A Winnipeg lawyer says he’s tired of seeing aboriginal offenders being given bail conditions they can’t live by.

William Marks says for years, offenders were told to check in at a certain building in Winnipeg, as part of their weekly bail supervision.

The problem was, many aboriginal offenders were new to the city, didn’t know their way around or couldn’t pay the money to get to the designated site.

As a result many were thrown back into jail.

He says it didn’t make sense because the vast majority of the offenders weren’t a risk to re-offend.

Marks gives another example of rules he says don’t work.

He points out many offenders are currently being told to live at one address while their case is before the courts.

This is a big problem for many reasons.

Some have complicated family situations while Marks says others grew up in many different homes because they were in the care of child and family services:

“So by making them live in certain addresses and then ultimately them breaching by not living where they’re supposed to be then you’re criminalizing behavior that’s really a result of their upbringing which is out of their control.”

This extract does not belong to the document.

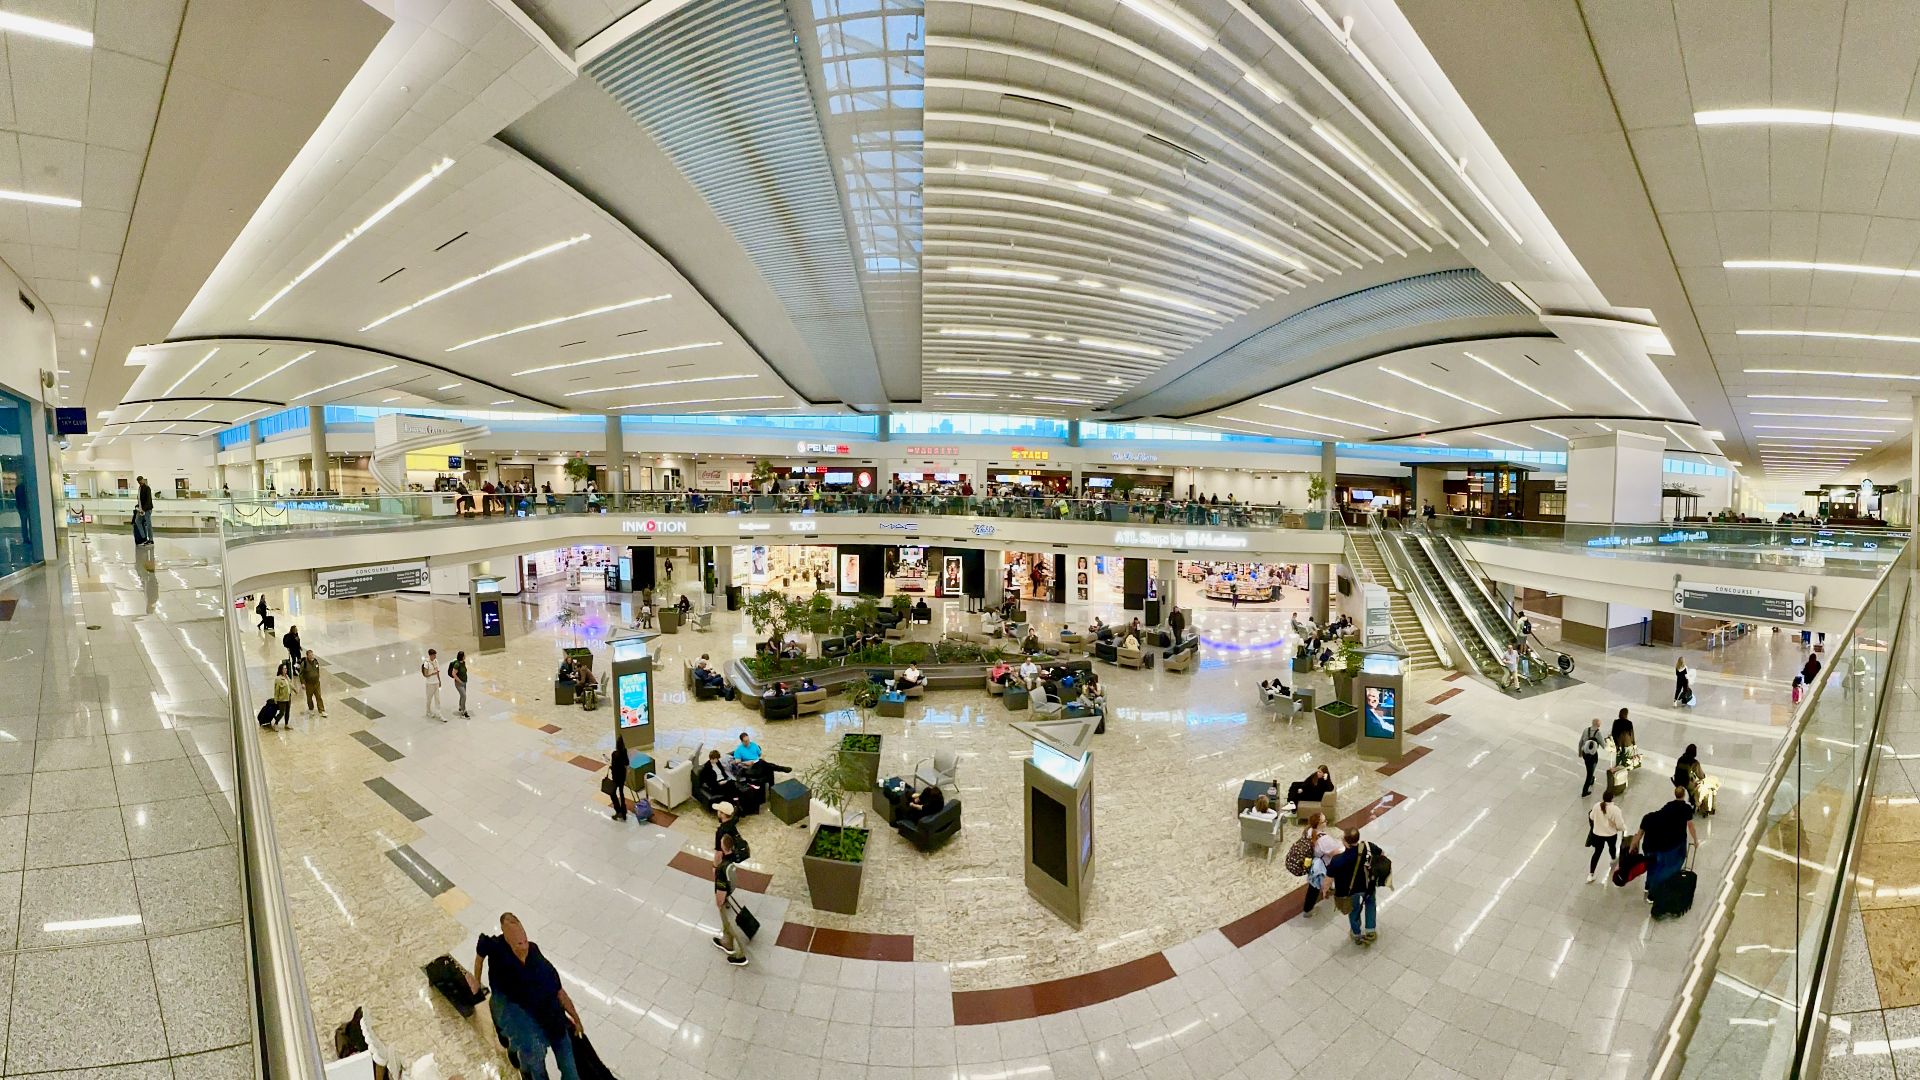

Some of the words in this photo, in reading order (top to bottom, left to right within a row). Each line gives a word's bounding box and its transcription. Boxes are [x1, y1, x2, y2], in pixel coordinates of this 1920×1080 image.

[1022, 450, 1048, 460] TACO
[622, 520, 686, 532] INMOTION
[1715, 586, 1752, 595] CONCOURSE

Currently, judges in Canada are required to take into account the backgrounds of aboriginal offenders, better known as the “Gladue Factor”,  during sentencing.

Things like their upbringing, whether they were abused, and whether they went to residential schools are a few examples.

The purpose of the measure is to try and reduce the vast over-representation of aboriginal people in the justice system.

Marks says Manitoba prosecutors recently mentioned they’re willing to accept that in Manitoba, Gladue does begin at the bail level.

He says he has ordered the transcript of this case for future reference.

He says the duty of defense lawyers now is to bring this point up at every bail hearing.

The reason for this approach is because there is no set directive for judges to currently follow and it’s being left mainly to interpretation.